Thy prophets — not God‘s (Jeremiah 23:26).

vain  …  for thee — to gratify thy appetite, not for truth, but for false things.

not discovered thine iniquity — in opposition to God‘s command to the true prophets (Isaiah 58:1). Literally, “They have not taken off (the veil) which was on thine iniquity, so as to set it before thee.”

burdens — Their prophecies were soothing and flattering; but the result of them was heavy calamities to the people, worse than even what the prophecies of Jeremiah, which they in derision called “burdens,” threatened. Hence he terms their pretended prophecies “false burdens,” which proved to the Jews “causes of their banishment” [Calvin].

Verse 15

Samech

clap  …  hands — in derision (Job 27:23; Job 34:37).

wag  …  head — (2 Kings 19:21; Psalm 44:14).

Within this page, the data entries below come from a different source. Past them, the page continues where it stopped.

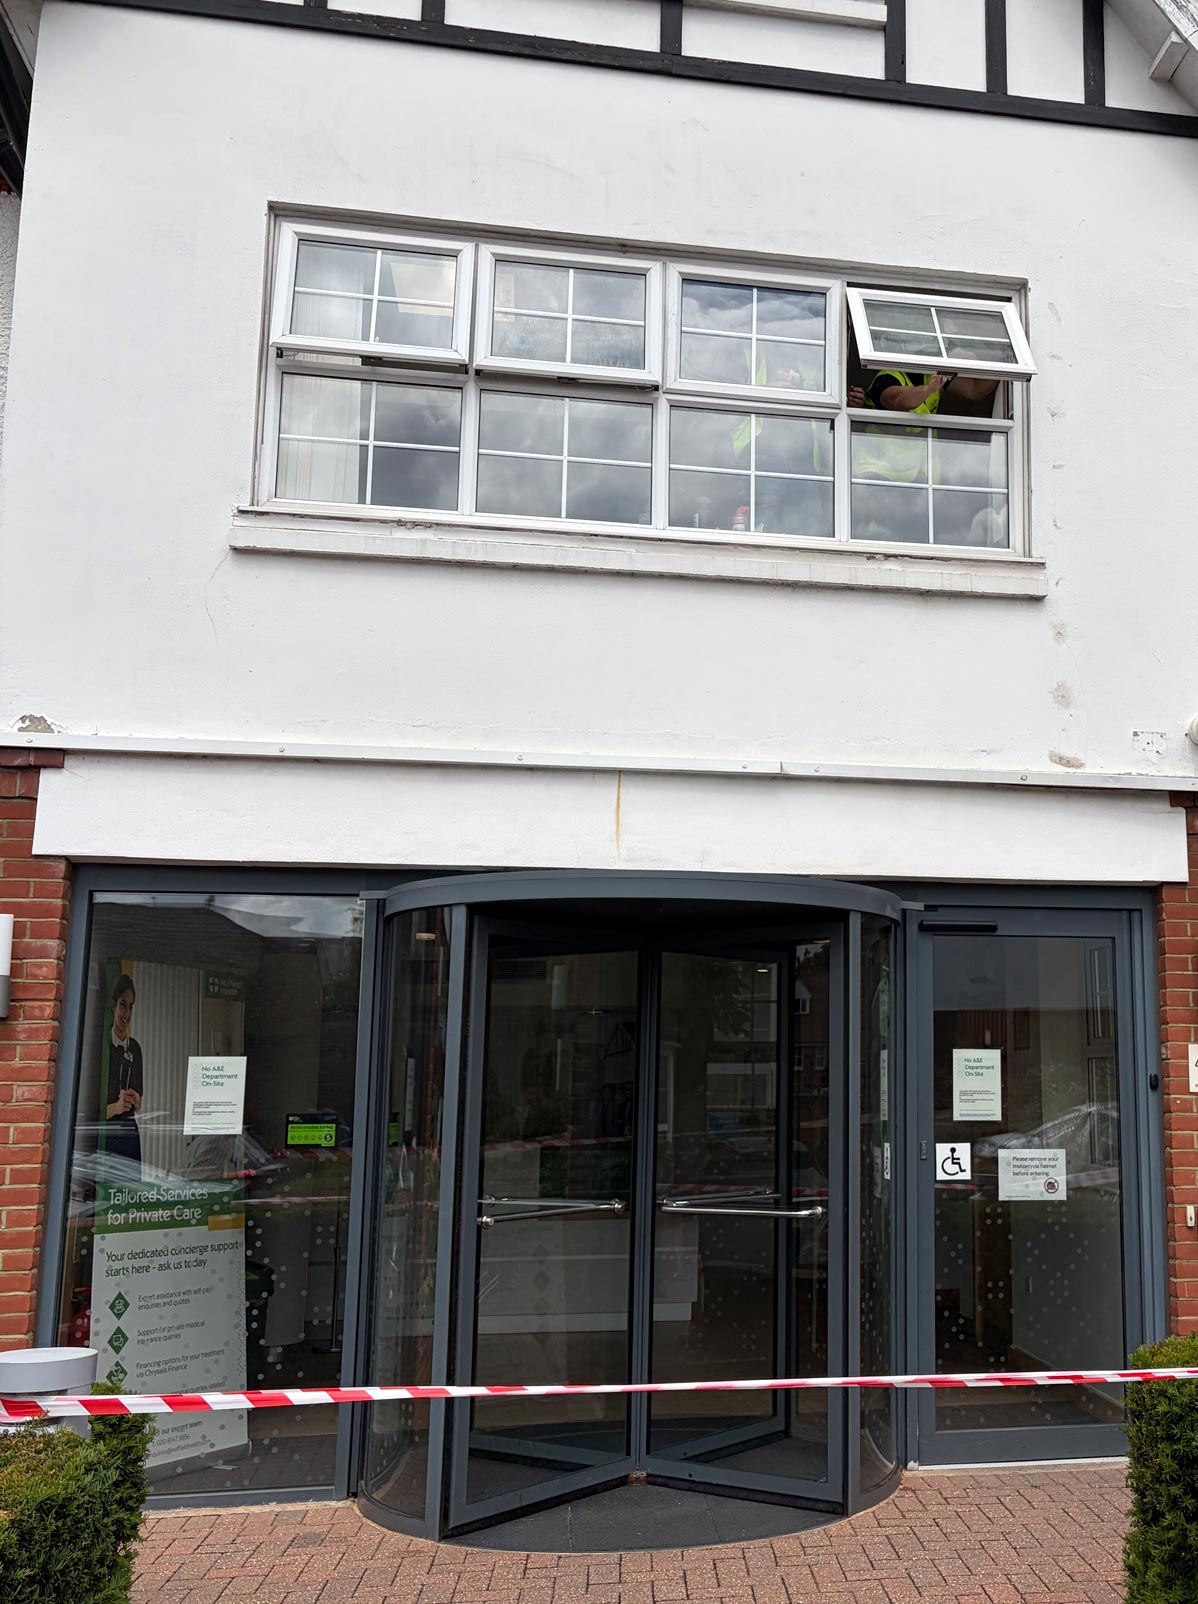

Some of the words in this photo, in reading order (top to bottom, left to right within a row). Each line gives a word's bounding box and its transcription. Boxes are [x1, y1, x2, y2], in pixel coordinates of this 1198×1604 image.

[108, 1187, 157, 1205] Tailored
[160, 1186, 208, 1201] Services
[108, 1210, 127, 1225] for
[128, 1208, 171, 1224] Private
[174, 1205, 202, 1220] Care
[106, 1251, 125, 1262] Your
[127, 1246, 169, 1260] dedicated
[171, 1244, 208, 1257] concierge
[210, 1240, 239, 1253] support
[105, 1266, 130, 1278] starts
[132, 1263, 150, 1274] here
[158, 1261, 172, 1271] ask
[173, 1262, 182, 1270] us
[184, 1258, 207, 1269] today
[156, 1291, 181, 1300] assistance
[167, 1324, 184, 1332] priate
[137, 1336, 162, 1344] insrance
[136, 1360, 161, 1370] Financing
[162, 1358, 181, 1366] options
[190, 1354, 200, 1362] your
[201, 1349, 224, 1358] treatment
[168, 1364, 188, 1372] Finance

perfection of beauty  …  joy of  …  earth — (Psalm 48:2; Psalm 50:2). The Jews‘ enemies quote their very words in scorn.

Verse 16-17

Pe

For the transposition of Hebrew letters (Pe and Ain, Lamentations 2:16, Lamentations 2:17) in the order of verses, see on Introduction.

opened  …  mouth — as ravening, roaring wild beasts (Job 16:9, Job 16:10; Psalm 22:13). Herein Jerusalem was a type of Messiah.

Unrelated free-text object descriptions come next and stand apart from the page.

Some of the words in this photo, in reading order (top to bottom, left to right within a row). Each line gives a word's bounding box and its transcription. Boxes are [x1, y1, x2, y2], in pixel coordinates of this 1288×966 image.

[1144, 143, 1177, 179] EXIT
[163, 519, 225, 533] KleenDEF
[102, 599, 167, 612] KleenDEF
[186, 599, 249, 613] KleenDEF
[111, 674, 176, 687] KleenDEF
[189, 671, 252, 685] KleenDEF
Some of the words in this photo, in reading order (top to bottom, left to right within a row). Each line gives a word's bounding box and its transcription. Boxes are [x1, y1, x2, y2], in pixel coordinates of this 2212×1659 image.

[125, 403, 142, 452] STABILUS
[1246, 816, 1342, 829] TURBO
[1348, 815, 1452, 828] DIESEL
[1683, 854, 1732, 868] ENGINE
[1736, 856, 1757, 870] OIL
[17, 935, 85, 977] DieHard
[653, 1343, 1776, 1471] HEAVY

gnash  …  teeth — in vindictive malice.

we have seen it — (Psalm 35:21).

Verse 17

Ain

Lord — Let not the foe exult as if it was their doing. It was “the Lord” who thus fulfilled the threats uttered by His prophets for the guilt of Judea (Leviticus 26:16-25; Deuteronomy 28:36-48, Deuteronomy 28:53; Jeremiah 19:9).

Verse 18

Tzaddi

wall — (Lamentations 2:8). Personified. “Their heart,” that is, the Jews‘; while their heart is lifted up to the Lord in prayer, their speech is addressed to the “wall” (the part being put for the whole city).

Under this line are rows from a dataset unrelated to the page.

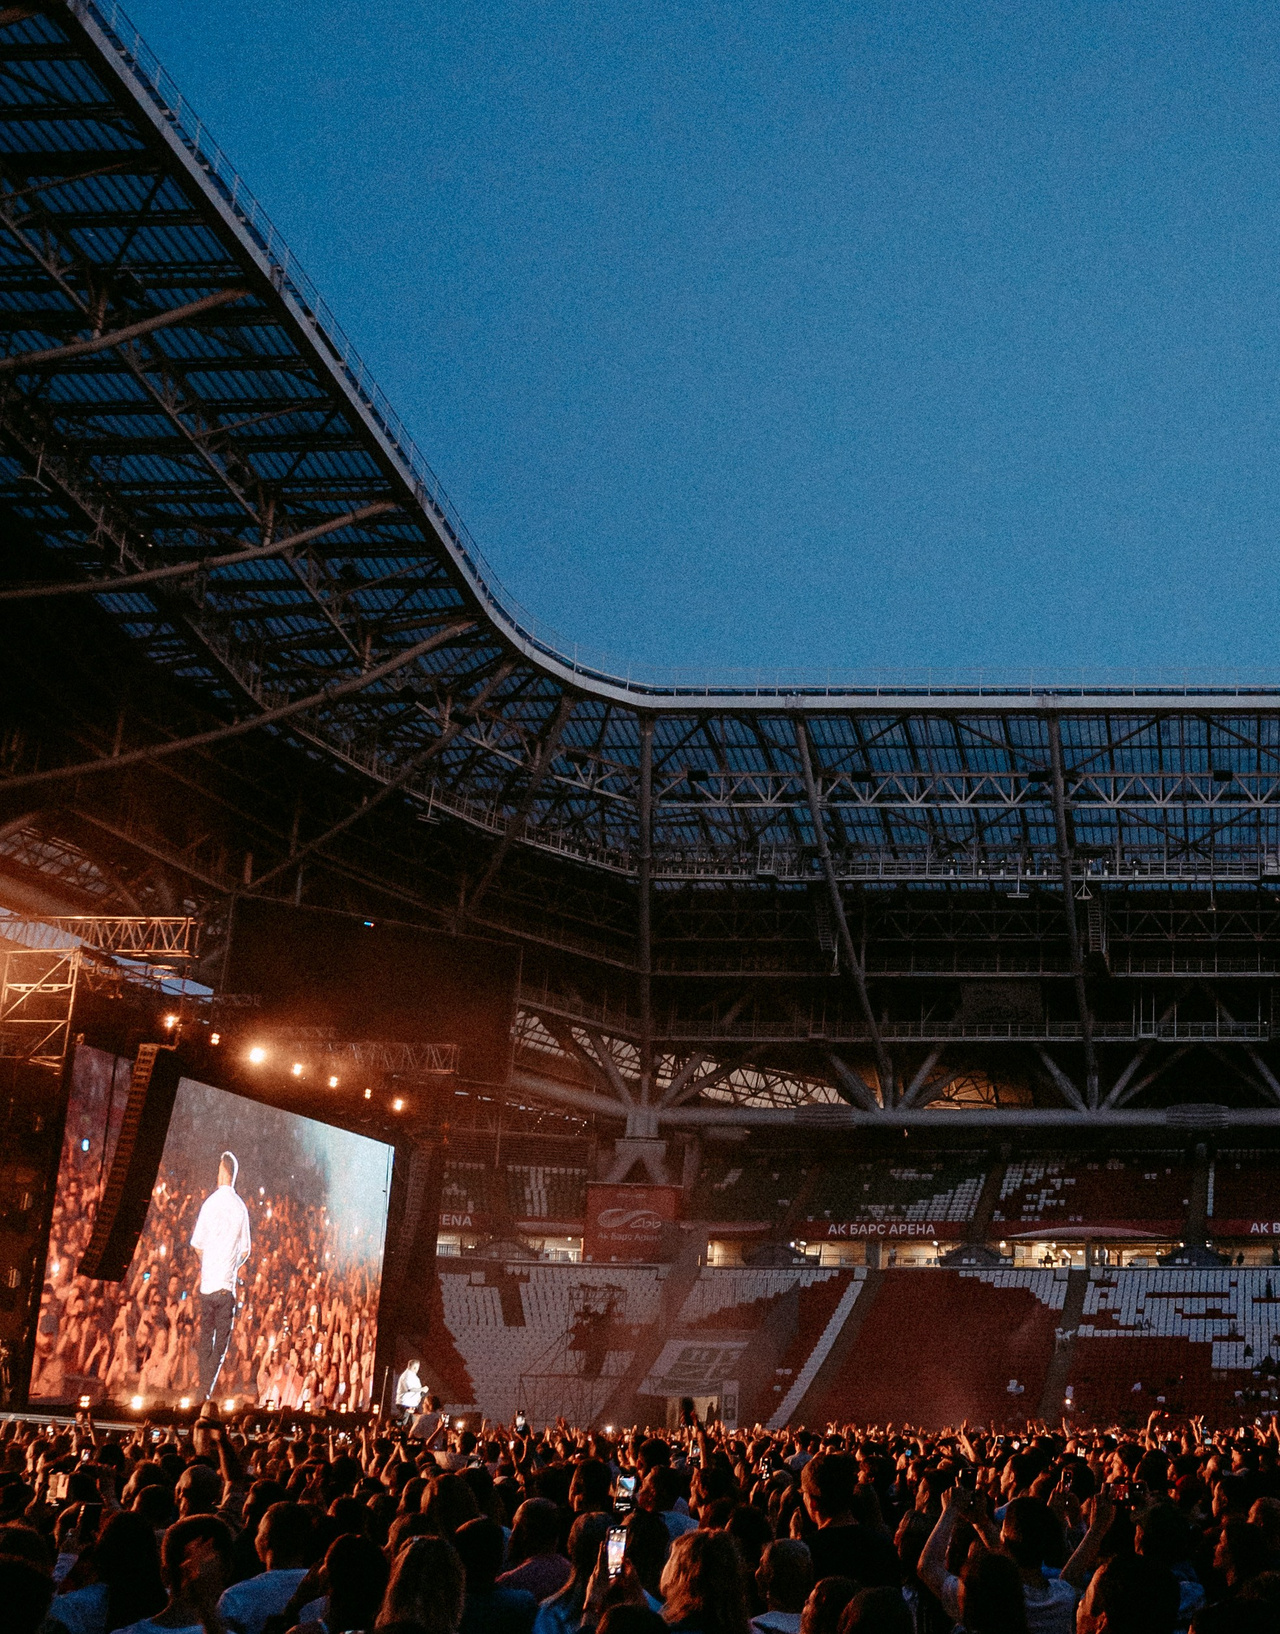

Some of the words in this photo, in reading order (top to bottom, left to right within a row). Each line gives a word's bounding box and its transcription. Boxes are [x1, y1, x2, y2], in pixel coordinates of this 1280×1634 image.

[439, 1213, 473, 1227] ENA
[828, 1223, 846, 1235] АК
[849, 1223, 886, 1235] БАРС
[889, 1223, 936, 1235] АРЕНА
[1250, 1222, 1269, 1234] AK

let tears, etc. — (Jeremiah 14:17). The wall is called on to weep for its own ruin and that of the city. Compare the similar personification (Lamentations 1:4).

apple — the pupil of the eye (Psalm 17:8).

Verse 19

Koph

cry  …  in  …  night — (Psalm 119:147).

beginning of  …  watches — that is, the first of the three equal divisions (four hours each) into which the ancient Jews divided the night; namely, from sunset to ten o‘clock. The second was called “the middle watch” (Judges 7:19), from ten till two o‘clock. The third, “the morning watch,” from two to sunrise (Exodus 14:24; 1 Samuel 11:11). Afterwards, under the Romans, they had four watches (Matthew 14:25; Luke 12:38).

for  …  thy  …  children — that God, if He will not spare thee, may at least preserve “thy young children.”

top of  …  street — (Isaiah 51:20; Nahum 3:10).

Verse 20

Resh

women eat  …  fruit — as threatened (Leviticus 26:29; Deuteronomy 28:53, Deuteronomy 28:56, Deuteronomy 28:57; Jeremiah 19:9).

children  …  span long — or else, “children whom they carry in their arms” [Maurer].

Verse 21

Schin

(2 Chronicles 36:17).

Verse 22

Tau

Thou hast called as in  …  solemn day  …  terrors — Thou hast summoned my enemies against me from all quarters, just as multitudes used to be convened to Jerusalem, on the solemn feast days. The objects, for which the enemies and the festal multitude respectively met, formed a sad contrast. Compare Lamentations 1:15: “called an assembly against me.”